[Phrase grounding data]

--

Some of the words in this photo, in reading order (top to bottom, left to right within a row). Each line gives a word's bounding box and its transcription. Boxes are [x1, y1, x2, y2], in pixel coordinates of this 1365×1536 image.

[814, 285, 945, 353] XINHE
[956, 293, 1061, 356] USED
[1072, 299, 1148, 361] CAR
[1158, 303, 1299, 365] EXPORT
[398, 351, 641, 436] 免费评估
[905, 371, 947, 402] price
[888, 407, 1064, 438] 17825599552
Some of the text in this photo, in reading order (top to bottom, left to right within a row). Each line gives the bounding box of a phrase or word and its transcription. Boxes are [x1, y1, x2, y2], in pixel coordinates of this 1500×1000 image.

--

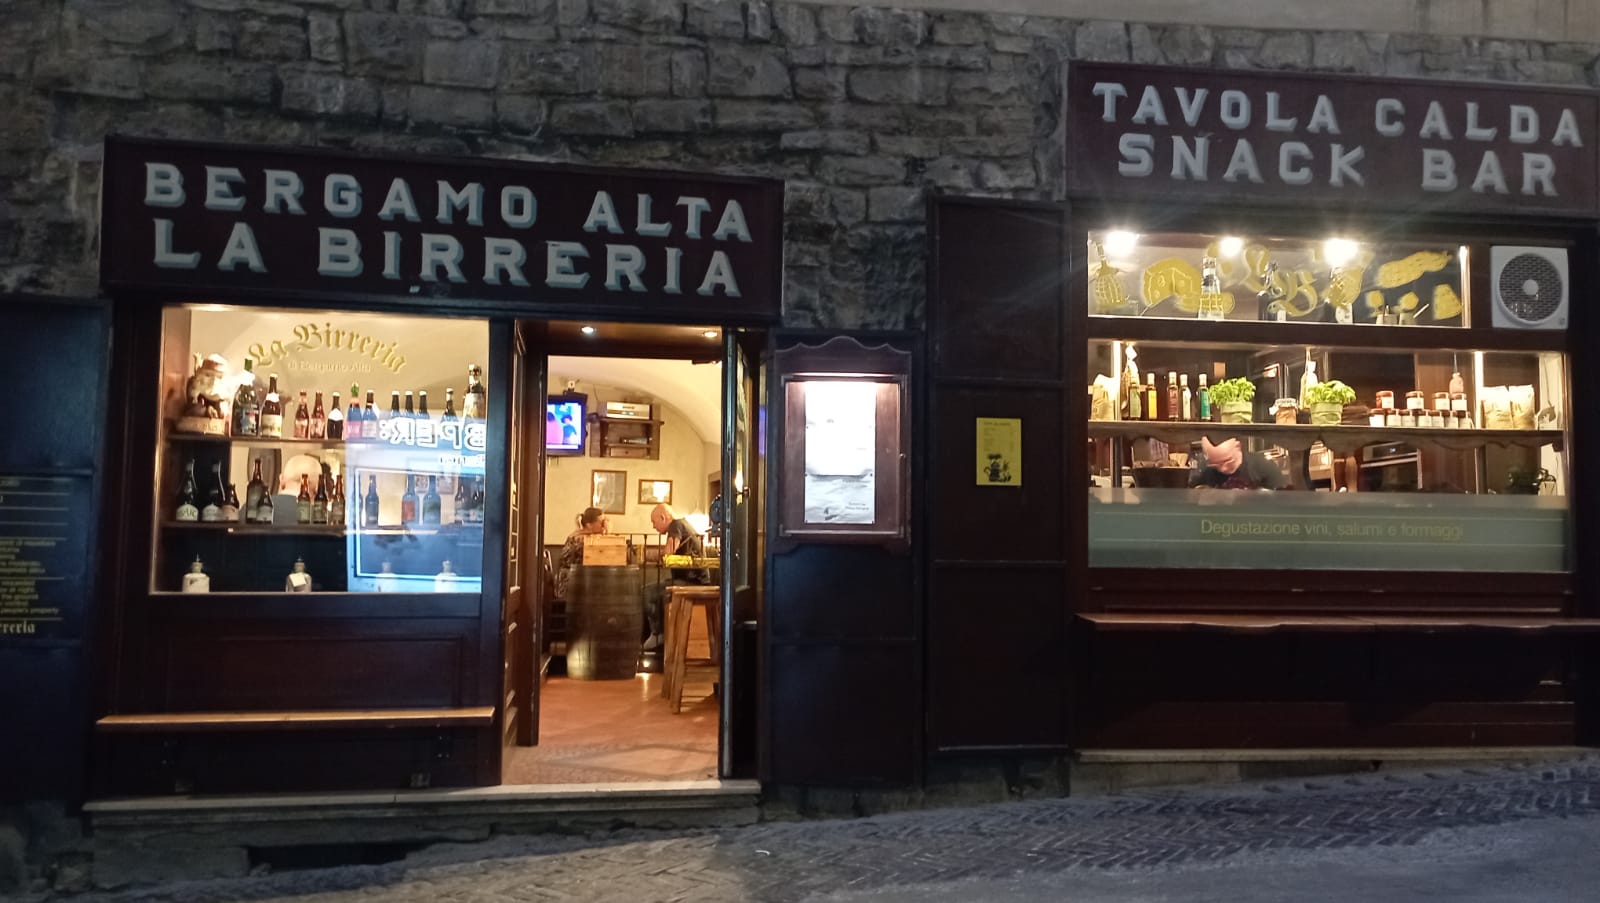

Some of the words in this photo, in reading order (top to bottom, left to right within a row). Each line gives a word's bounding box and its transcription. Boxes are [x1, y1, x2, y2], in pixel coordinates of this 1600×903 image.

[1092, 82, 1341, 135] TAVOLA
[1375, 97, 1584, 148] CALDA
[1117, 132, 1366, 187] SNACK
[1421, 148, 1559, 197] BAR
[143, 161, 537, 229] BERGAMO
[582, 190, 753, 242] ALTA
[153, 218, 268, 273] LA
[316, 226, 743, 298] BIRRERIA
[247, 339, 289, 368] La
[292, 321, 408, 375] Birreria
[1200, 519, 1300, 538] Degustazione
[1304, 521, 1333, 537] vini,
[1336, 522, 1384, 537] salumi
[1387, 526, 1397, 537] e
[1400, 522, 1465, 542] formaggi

--

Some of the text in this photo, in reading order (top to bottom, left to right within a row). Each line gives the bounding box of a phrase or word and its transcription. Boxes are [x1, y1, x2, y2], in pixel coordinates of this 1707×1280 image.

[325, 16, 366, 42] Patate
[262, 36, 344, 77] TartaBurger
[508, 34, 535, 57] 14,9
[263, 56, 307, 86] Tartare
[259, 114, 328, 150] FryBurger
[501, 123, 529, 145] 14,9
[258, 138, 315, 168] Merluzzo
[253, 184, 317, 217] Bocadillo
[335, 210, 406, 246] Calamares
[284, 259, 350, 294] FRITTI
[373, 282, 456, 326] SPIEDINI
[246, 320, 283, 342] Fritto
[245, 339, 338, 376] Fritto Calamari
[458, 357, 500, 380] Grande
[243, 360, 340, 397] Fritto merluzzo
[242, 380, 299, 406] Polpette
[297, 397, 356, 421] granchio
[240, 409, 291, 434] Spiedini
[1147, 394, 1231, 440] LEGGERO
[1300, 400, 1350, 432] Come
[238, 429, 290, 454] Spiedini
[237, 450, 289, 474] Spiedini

--

> [AIM OF THE EXERCISE]: Write down, word for word, the lines above from the one containing "this 1365×1536 image." through the one containing "this 1500×1000 image.", both ends included.

> [EXPECTED ANSWER]:
Some of the words in this photo, in reading order (top to bottom, left to right within a row). Each line gives a word's bounding box and its transcription. Boxes are [x1, y1, x2, y2], in pixel coordinates of this 1365×1536 image.

[814, 285, 945, 353] XINHE
[956, 293, 1061, 356] USED
[1072, 299, 1148, 361] CAR
[1158, 303, 1299, 365] EXPORT
[398, 351, 641, 436] 免费评估
[905, 371, 947, 402] price
[888, 407, 1064, 438] 17825599552
Some of the text in this photo, in reading order (top to bottom, left to right within a row). Each line gives the bounding box of a phrase or word and its transcription. Boxes are [x1, y1, x2, y2], in pixel coordinates of this 1500×1000 image.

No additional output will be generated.